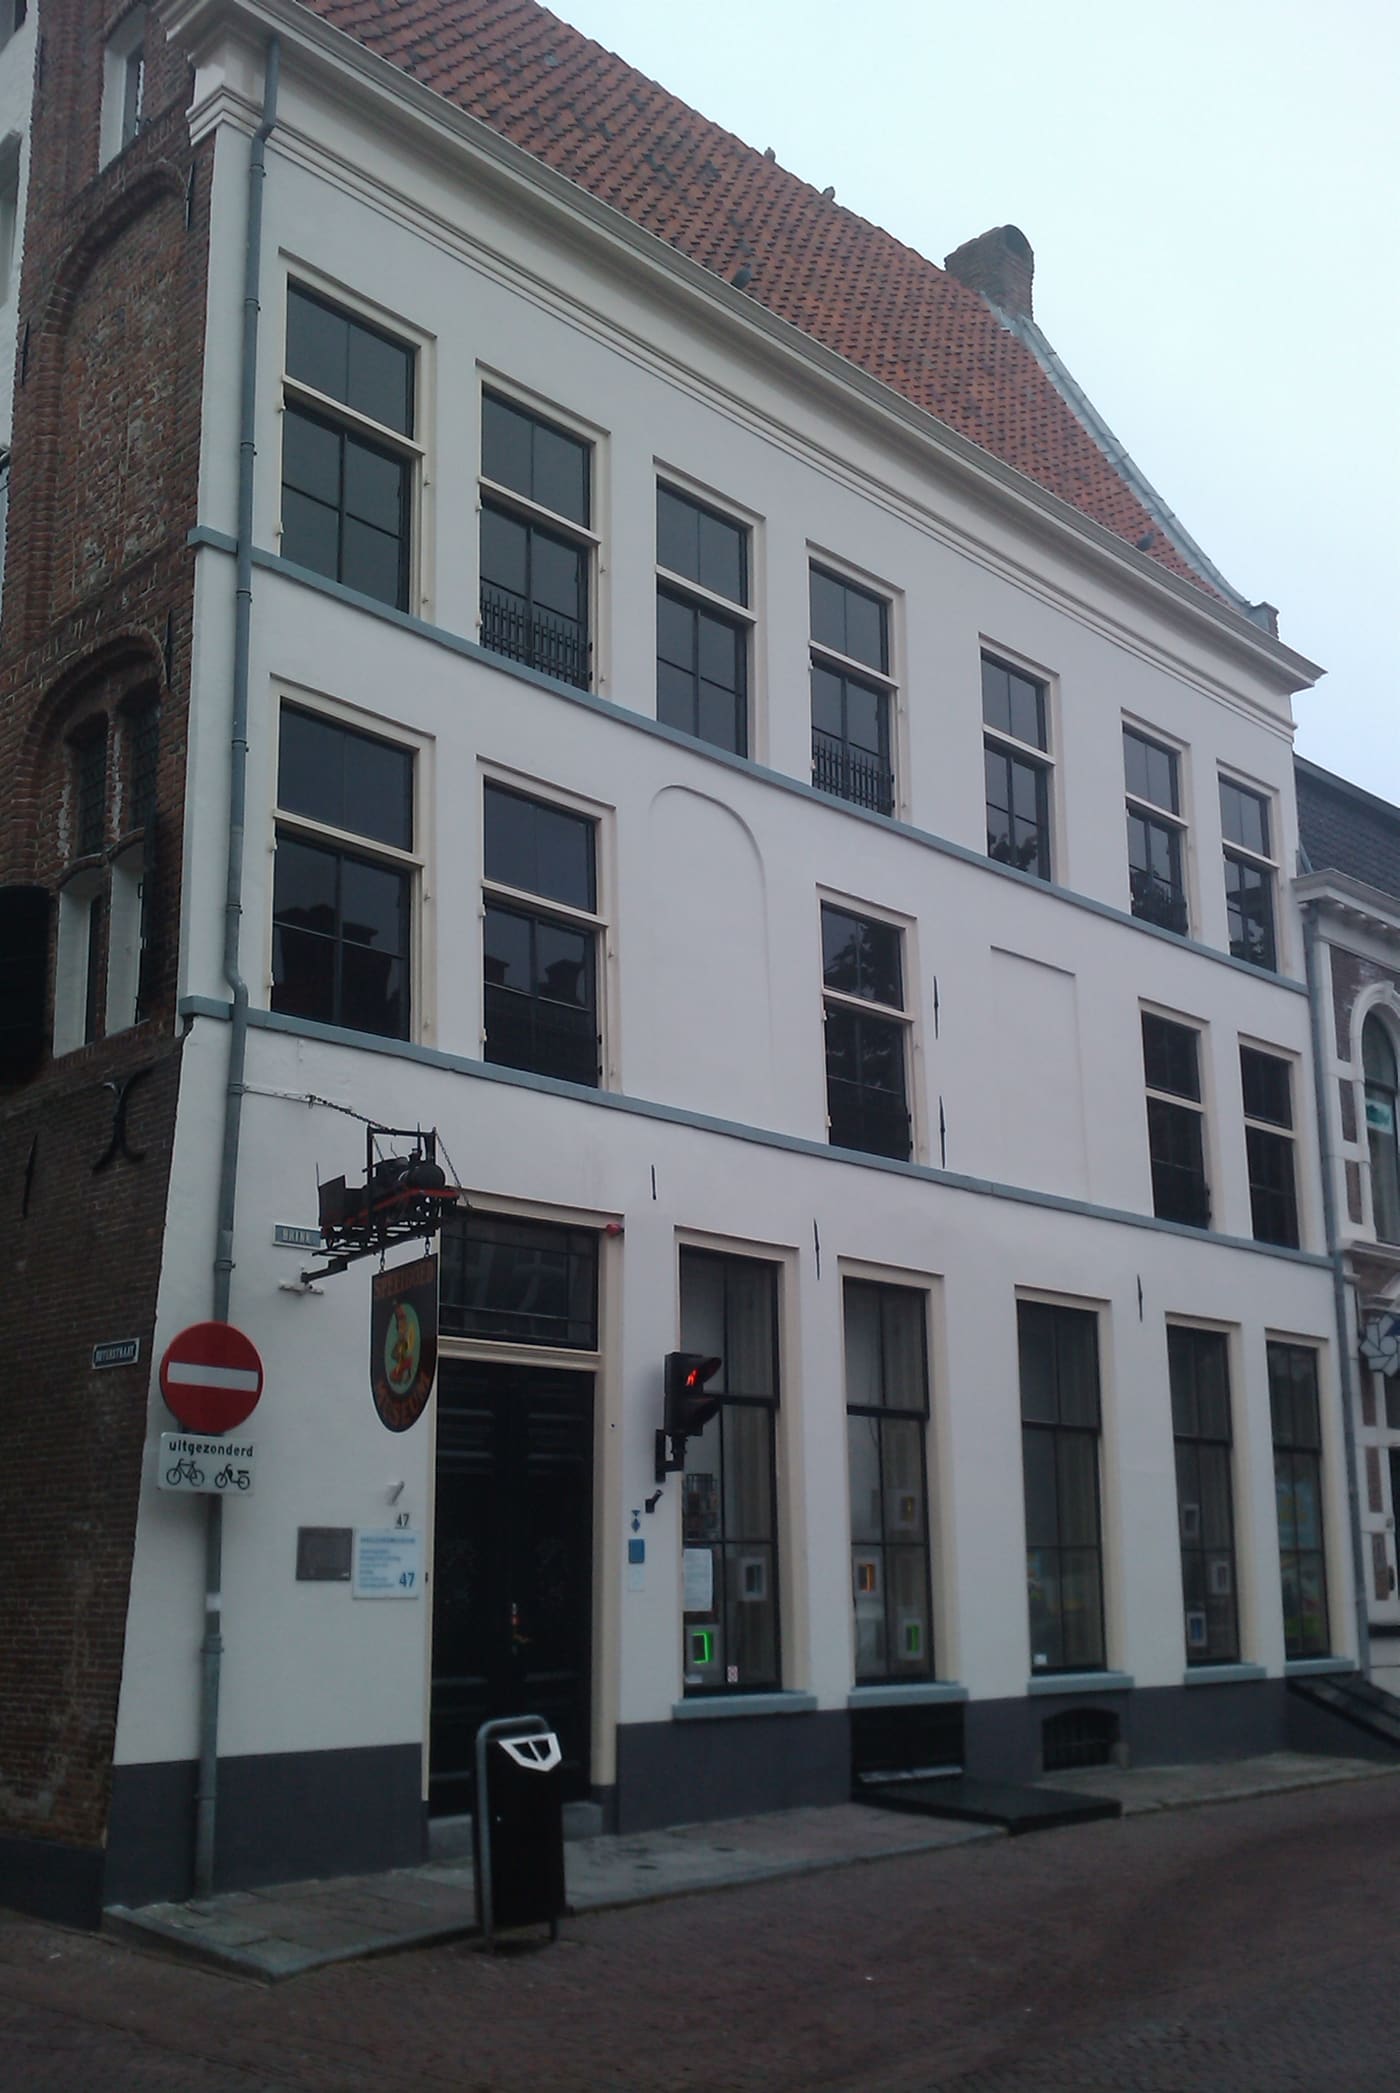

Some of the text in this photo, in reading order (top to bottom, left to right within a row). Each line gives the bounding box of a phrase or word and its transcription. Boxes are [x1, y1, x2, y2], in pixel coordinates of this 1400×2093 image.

[282, 1228, 313, 1244] BRINK
[168, 1439, 254, 1457] uitgezonderd
[396, 1512, 410, 1527] 47
[399, 1571, 415, 1588] 47
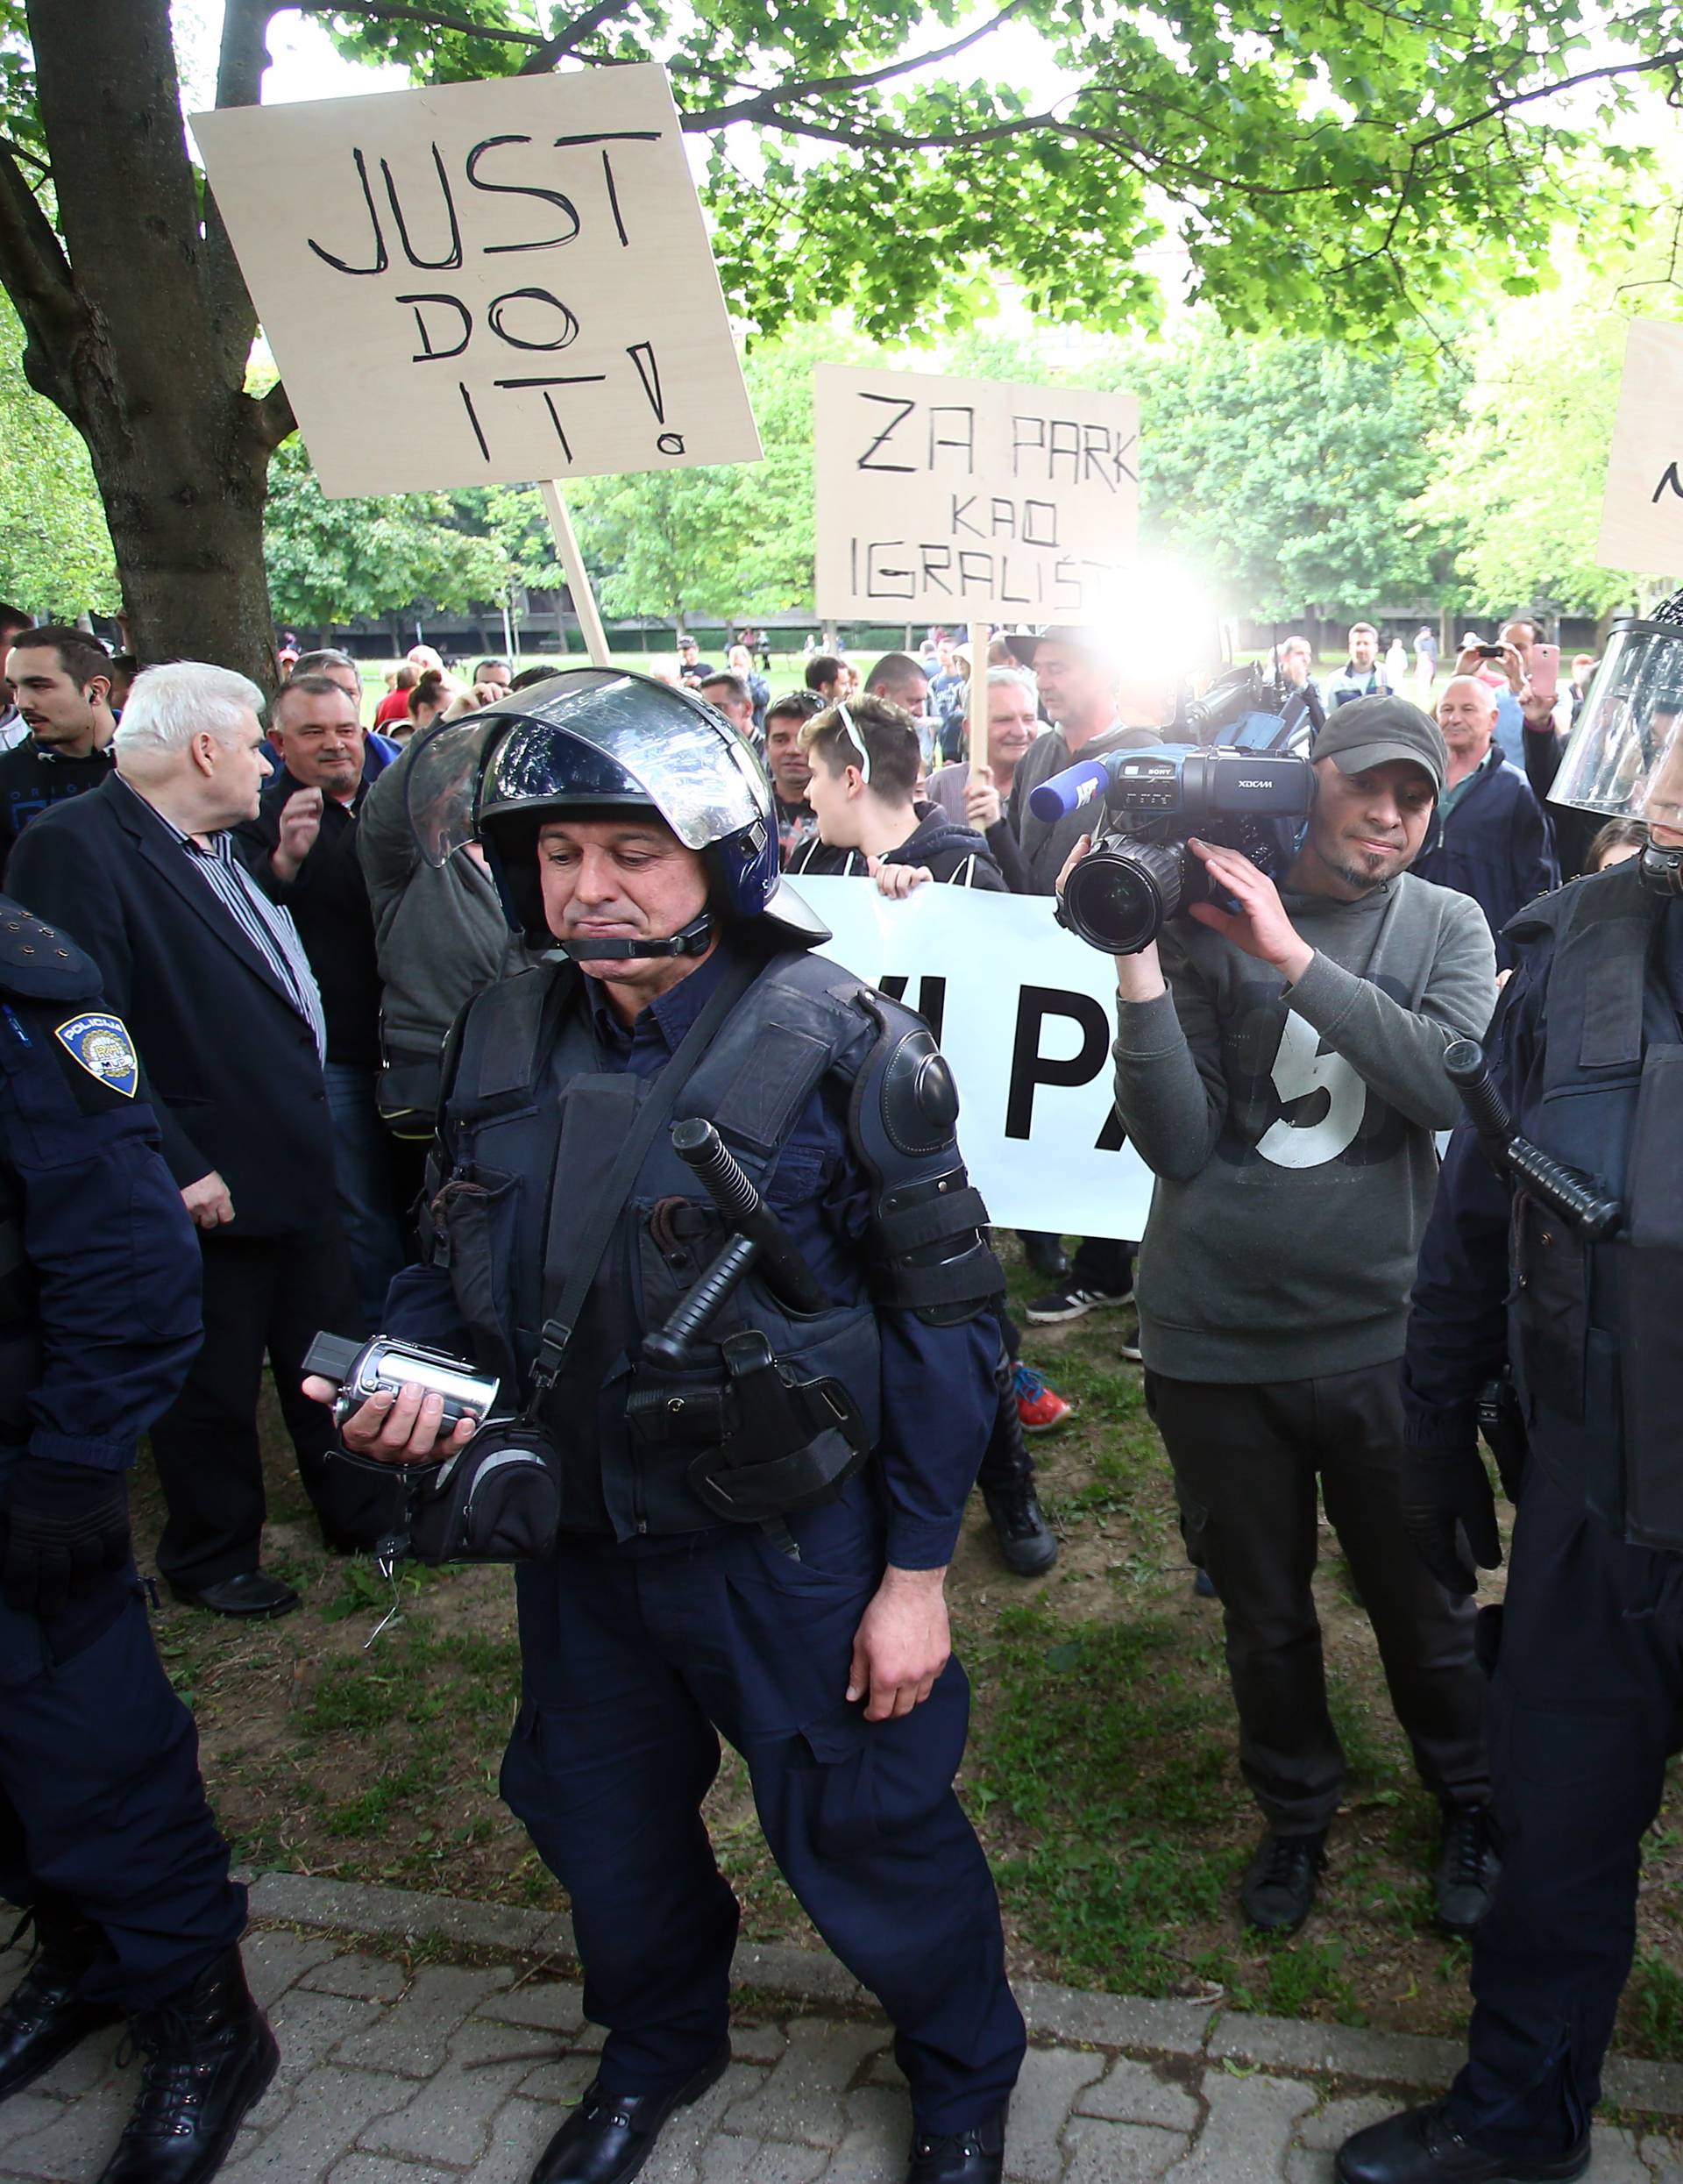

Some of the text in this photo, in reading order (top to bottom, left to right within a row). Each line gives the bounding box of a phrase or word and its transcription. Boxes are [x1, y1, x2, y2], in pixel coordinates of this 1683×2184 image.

[308, 132, 662, 274] JUST
[395, 288, 579, 362] DO
[459, 342, 685, 465] IT!
[857, 392, 1139, 492] ZA PARK
[952, 494, 1060, 547] KAO
[852, 537, 1127, 610] IGRALIŠT
[63, 1018, 124, 1041] POLICIJA
[101, 1057, 125, 1068] MUP
[1005, 985, 1127, 1152] P
[1255, 1008, 1367, 1169] 5

--------------------------------------------------

:: What this task involves ::
In the answer, please give only the lines from the line containing "this 1683×2184 image." through the final line of the data, copied exactly.

:: Response to this exercise ::
Some of the text in this photo, in reading order (top to bottom, left to right within a row). Each line gives the bounding box of a phrase or word and its transcription. Boxes are [x1, y1, x2, y2], in pixel coordinates of this 1683×2184 image.

[308, 132, 662, 274] JUST
[395, 288, 579, 362] DO
[459, 342, 685, 465] IT!
[857, 392, 1139, 492] ZA PARK
[952, 494, 1060, 547] KAO
[852, 537, 1127, 610] IGRALIŠT
[63, 1018, 124, 1041] POLICIJA
[101, 1057, 125, 1068] MUP
[1005, 985, 1127, 1152] P
[1255, 1008, 1367, 1169] 5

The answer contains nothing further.